Task: Although pictures appear in the records, the copy must leave them out and match everything else exactly.
[Start of Attachment]
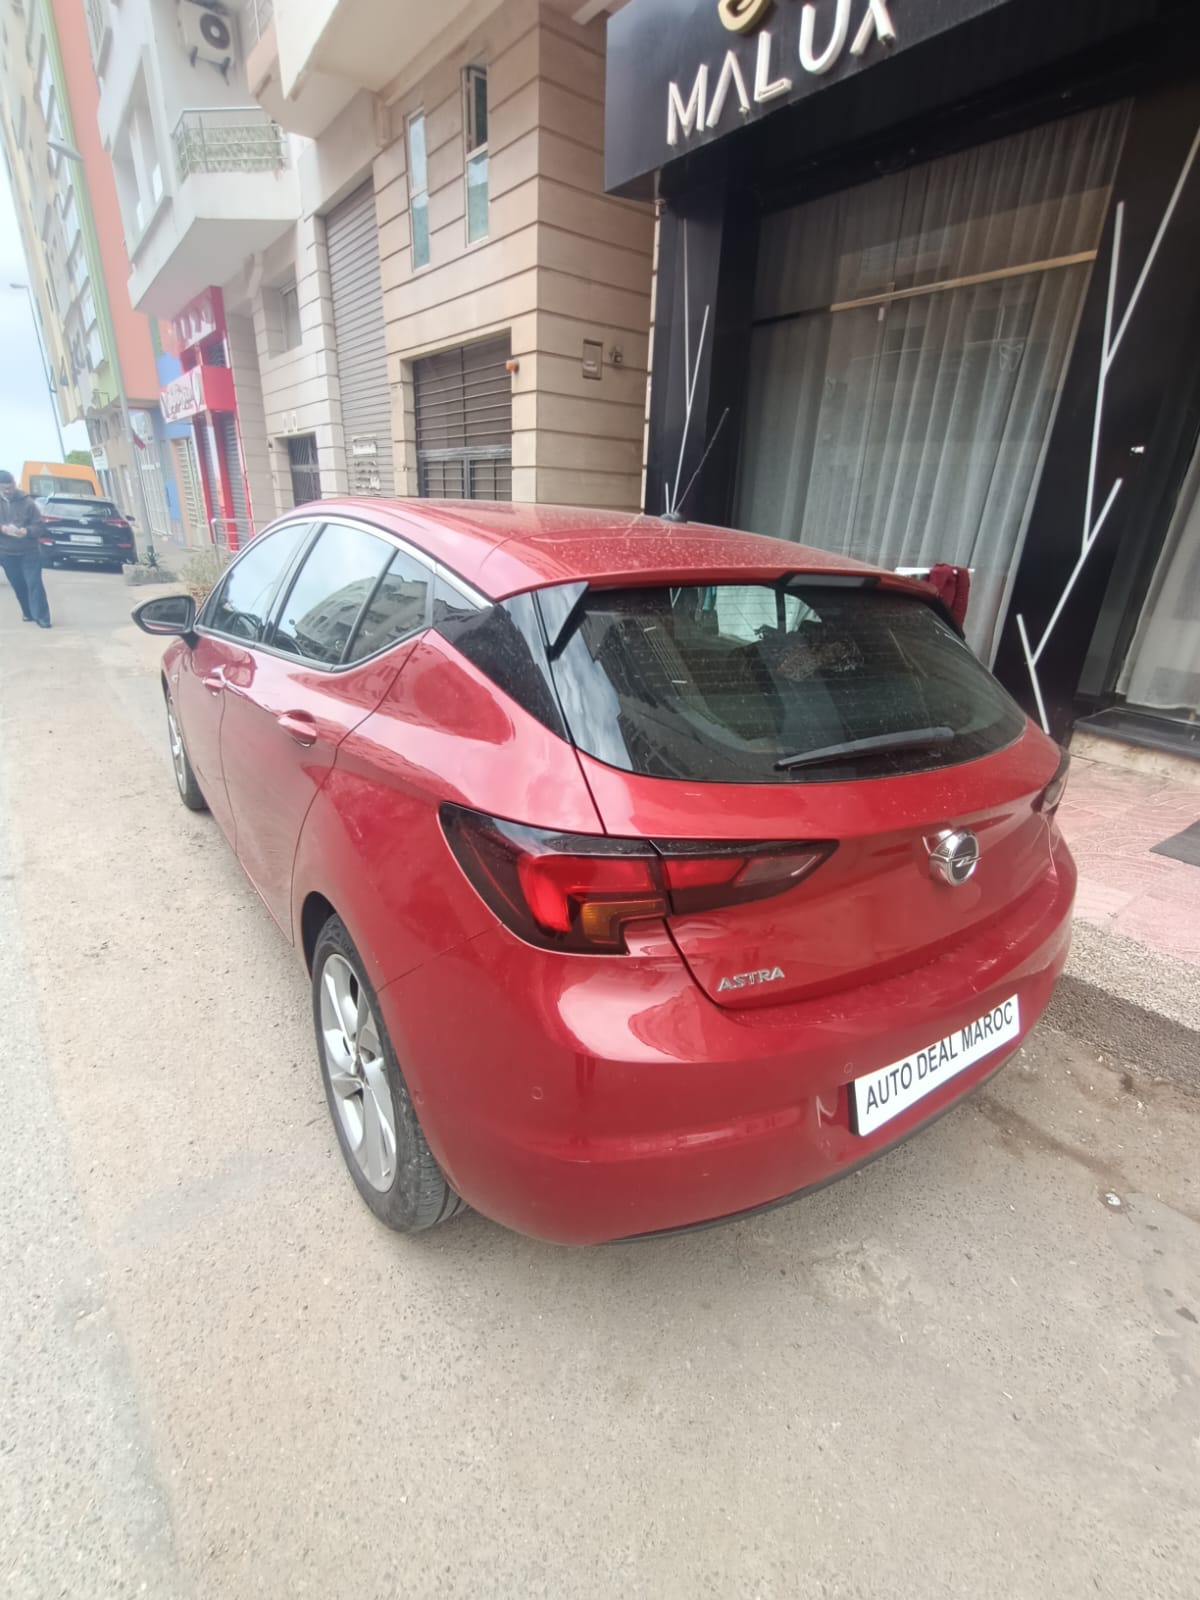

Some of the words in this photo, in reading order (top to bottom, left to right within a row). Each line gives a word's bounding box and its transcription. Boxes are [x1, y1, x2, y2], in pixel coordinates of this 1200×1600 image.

[717, 967, 785, 992] ASTRA
[866, 1063, 913, 1115] AUTO
[916, 1035, 958, 1080] DEAL
[961, 1001, 1013, 1052] MAROC
[End of Attachment]
Result of the task:
Some of the words in this photo, in reading order (top to bottom, left to right within a row). Each line gives a word's bounding box and its transcription. Boxes are [x1, y1, x2, y2], in pixel coordinates of this 1200×1600 image.

[717, 967, 785, 992] ASTRA
[866, 1063, 913, 1115] AUTO
[916, 1035, 958, 1080] DEAL
[961, 1001, 1013, 1052] MAROC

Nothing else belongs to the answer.